Assigned task
Would you please copy the entries exactly, leaving every picture aside?

Data listing

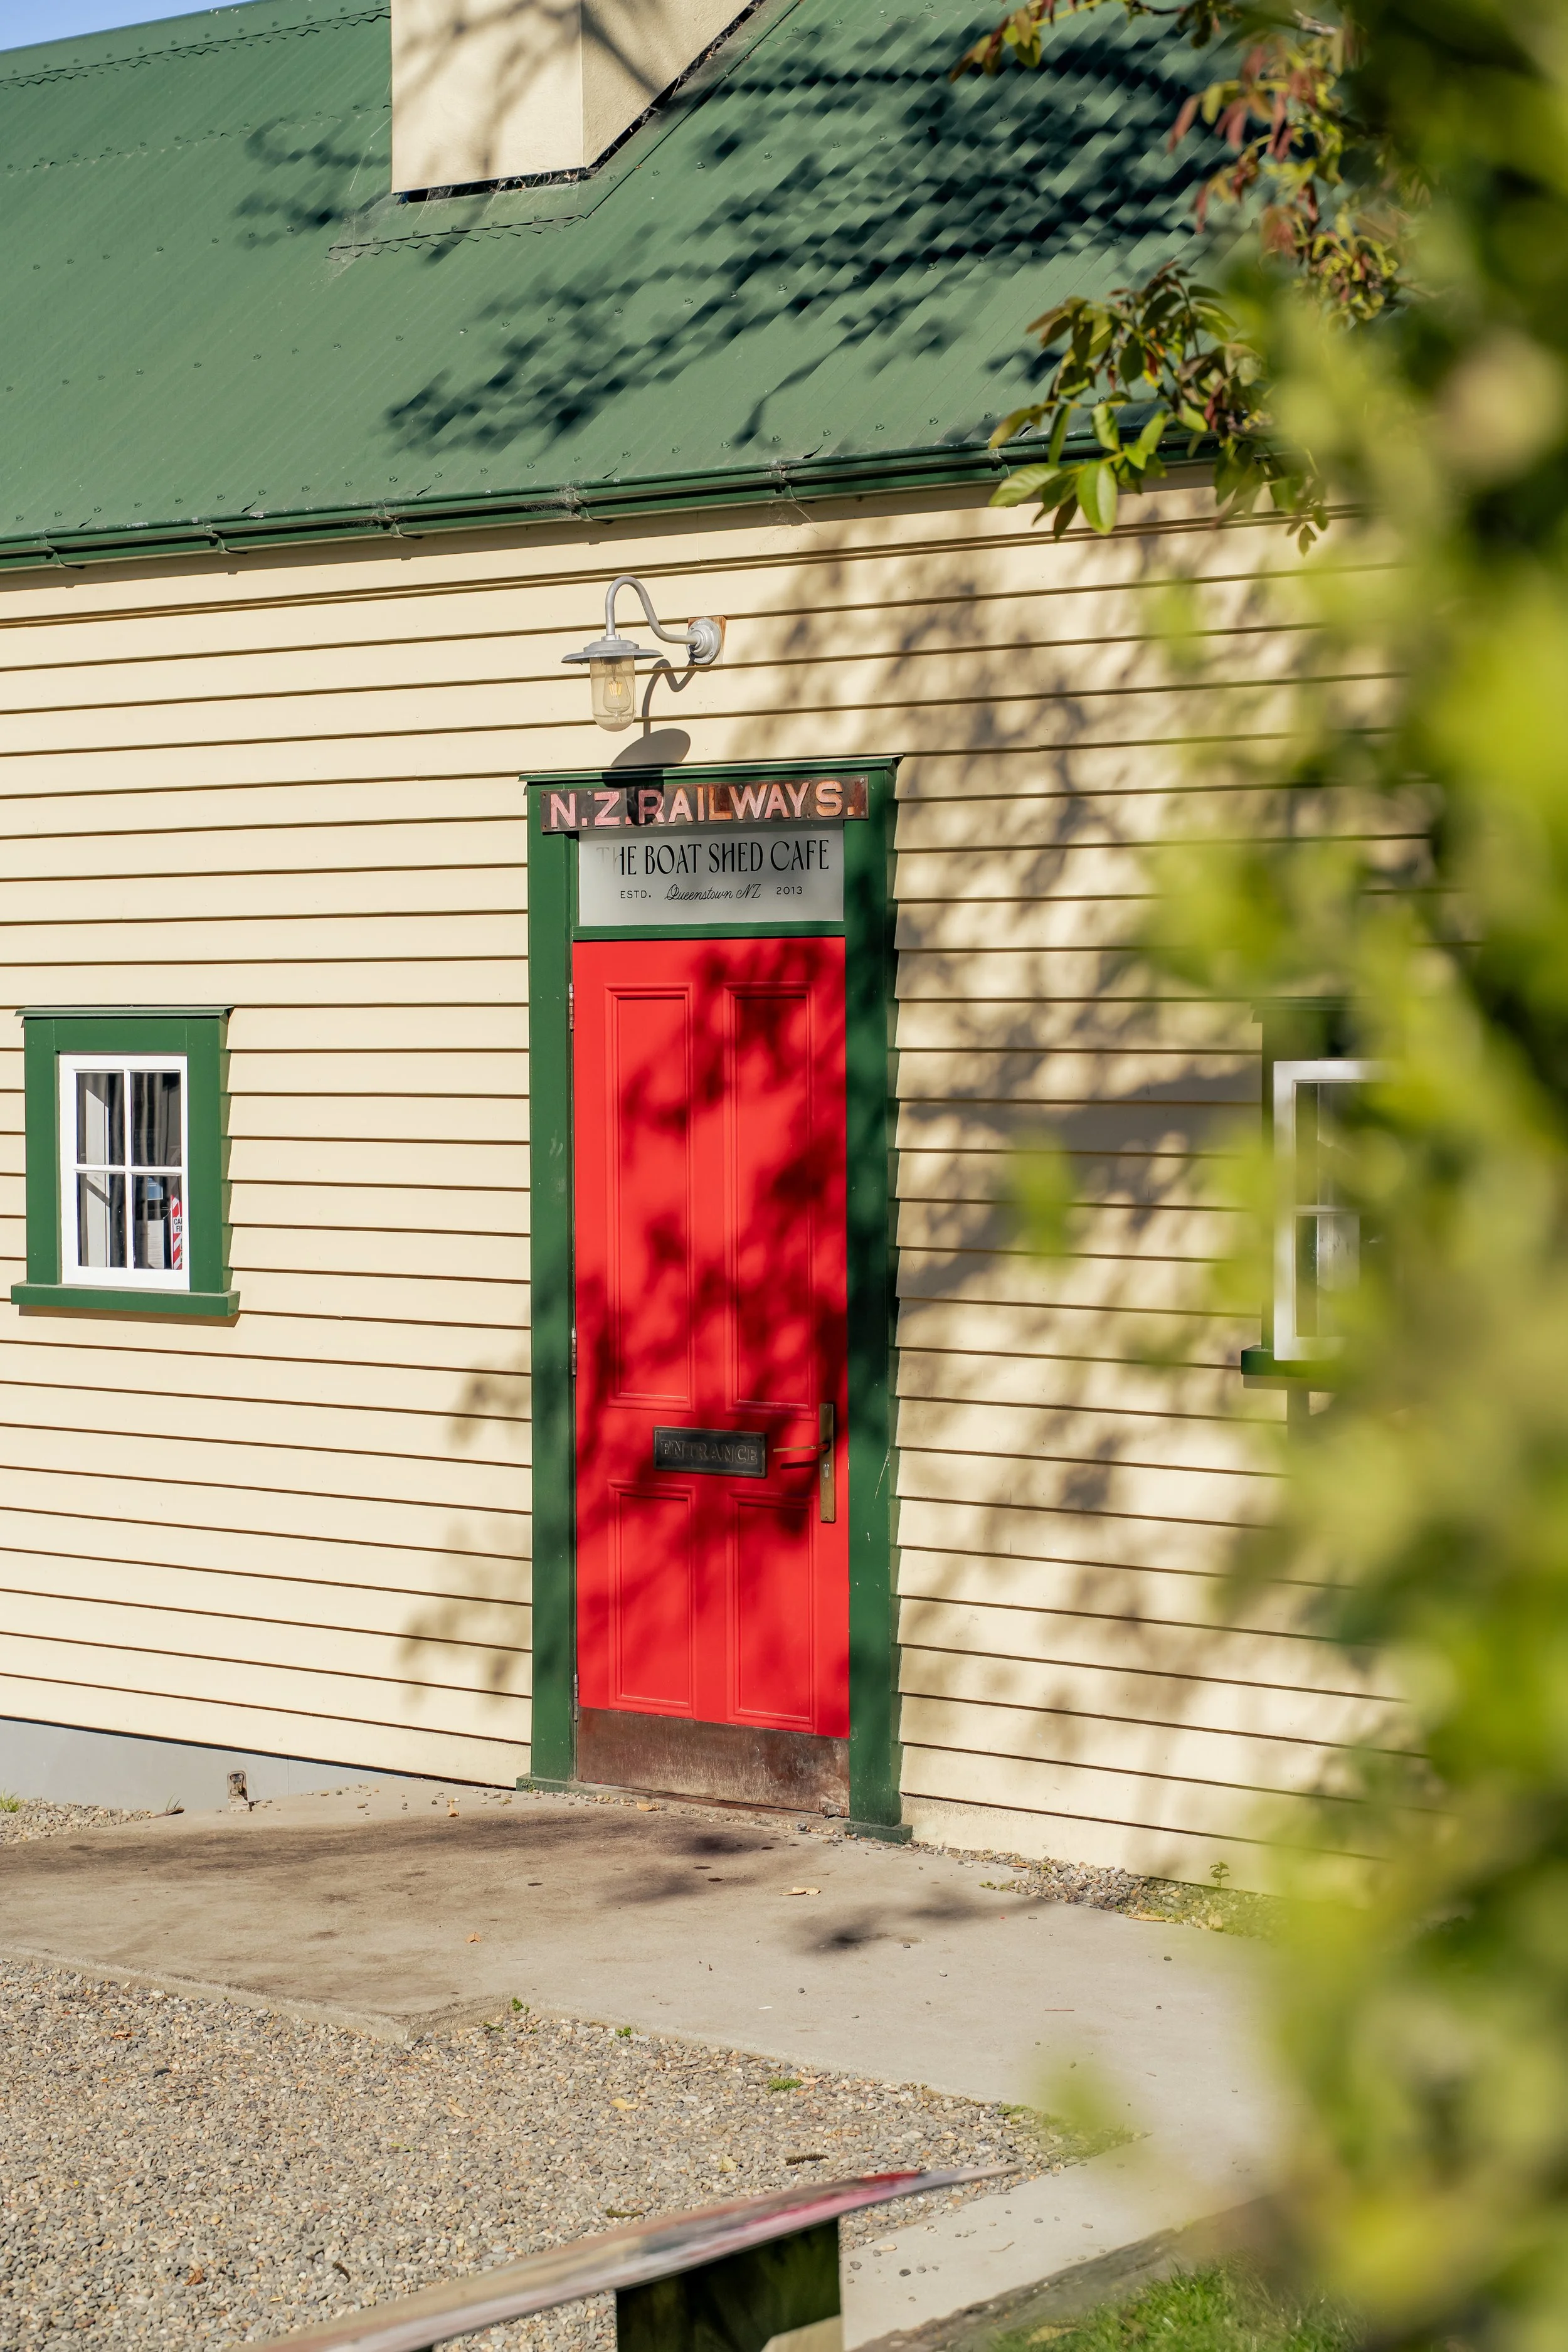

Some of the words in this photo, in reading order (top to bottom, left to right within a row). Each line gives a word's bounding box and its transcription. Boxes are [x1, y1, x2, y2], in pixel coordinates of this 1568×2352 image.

[645, 844, 702, 875] BOAT
[708, 841, 764, 873] SHED
[770, 839, 830, 871] CAFE
[620, 889, 652, 899] ESTD.
[664, 883, 734, 901] Queenstown
[735, 882, 762, 899] NZ
[775, 886, 803, 895] 2013
[660, 1439, 758, 1465] ENTRANCE
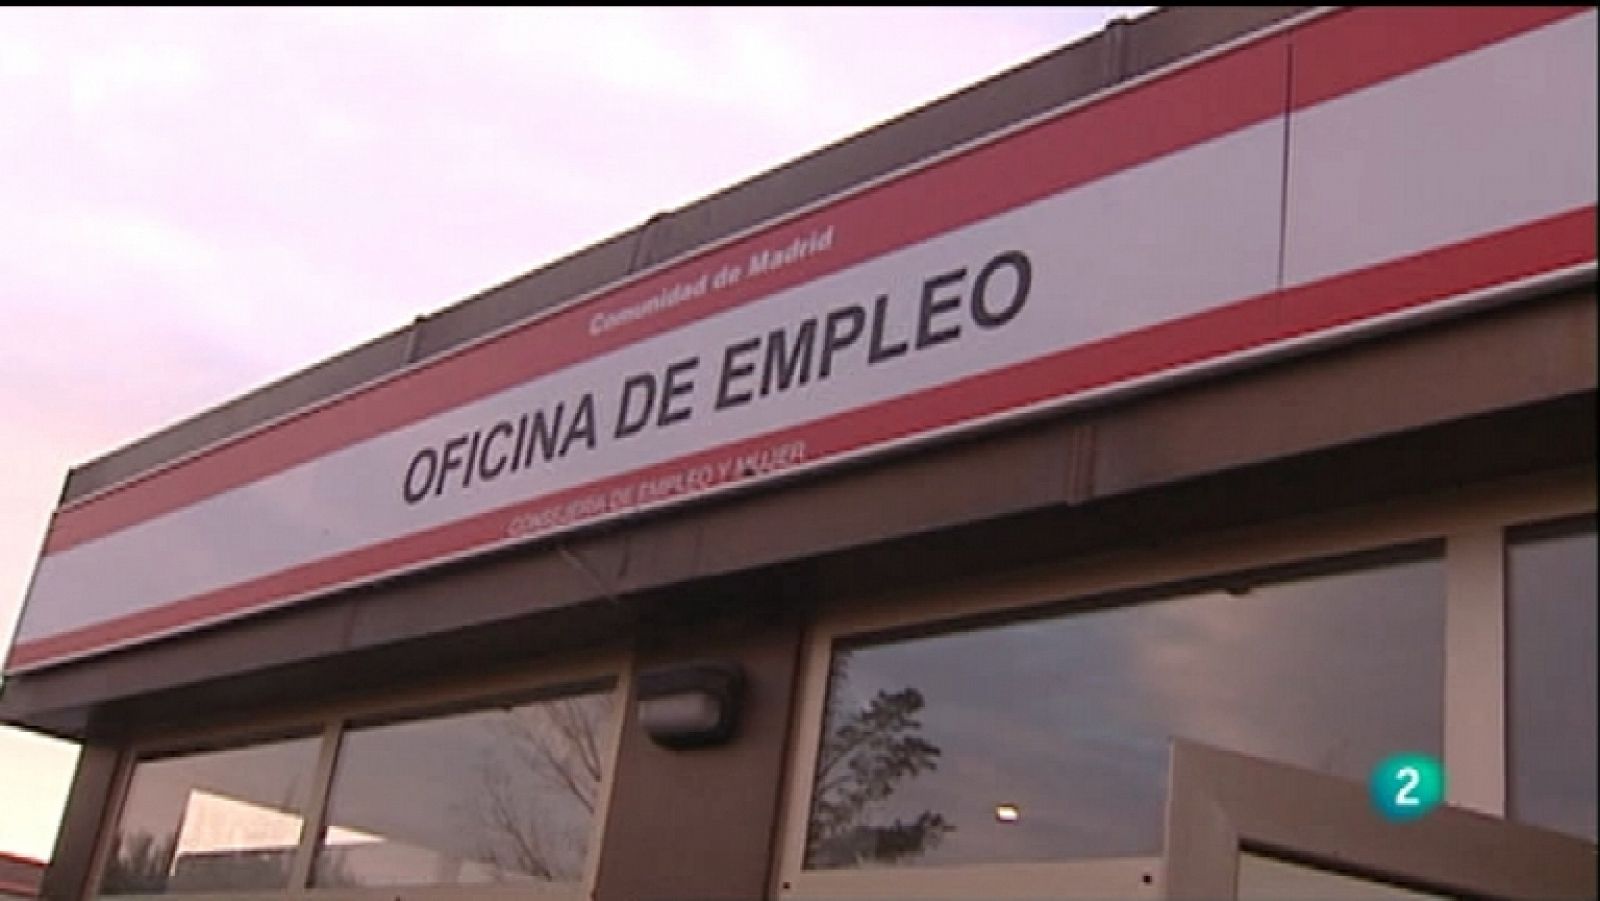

Response below
Some of the words in this photo, in reading order (top to bottom, left to right within a row). Each line gives a word's bounding box and its transcription. Boxes are [x1, y1, x2, y2], in pixel coordinates of this 1568×2352 image.

[645, 844, 702, 875] BOAT
[708, 841, 764, 873] SHED
[770, 839, 830, 871] CAFE
[620, 889, 652, 899] ESTD.
[664, 883, 734, 901] Queenstown
[735, 882, 762, 899] NZ
[775, 886, 803, 895] 2013
[660, 1439, 758, 1465] ENTRANCE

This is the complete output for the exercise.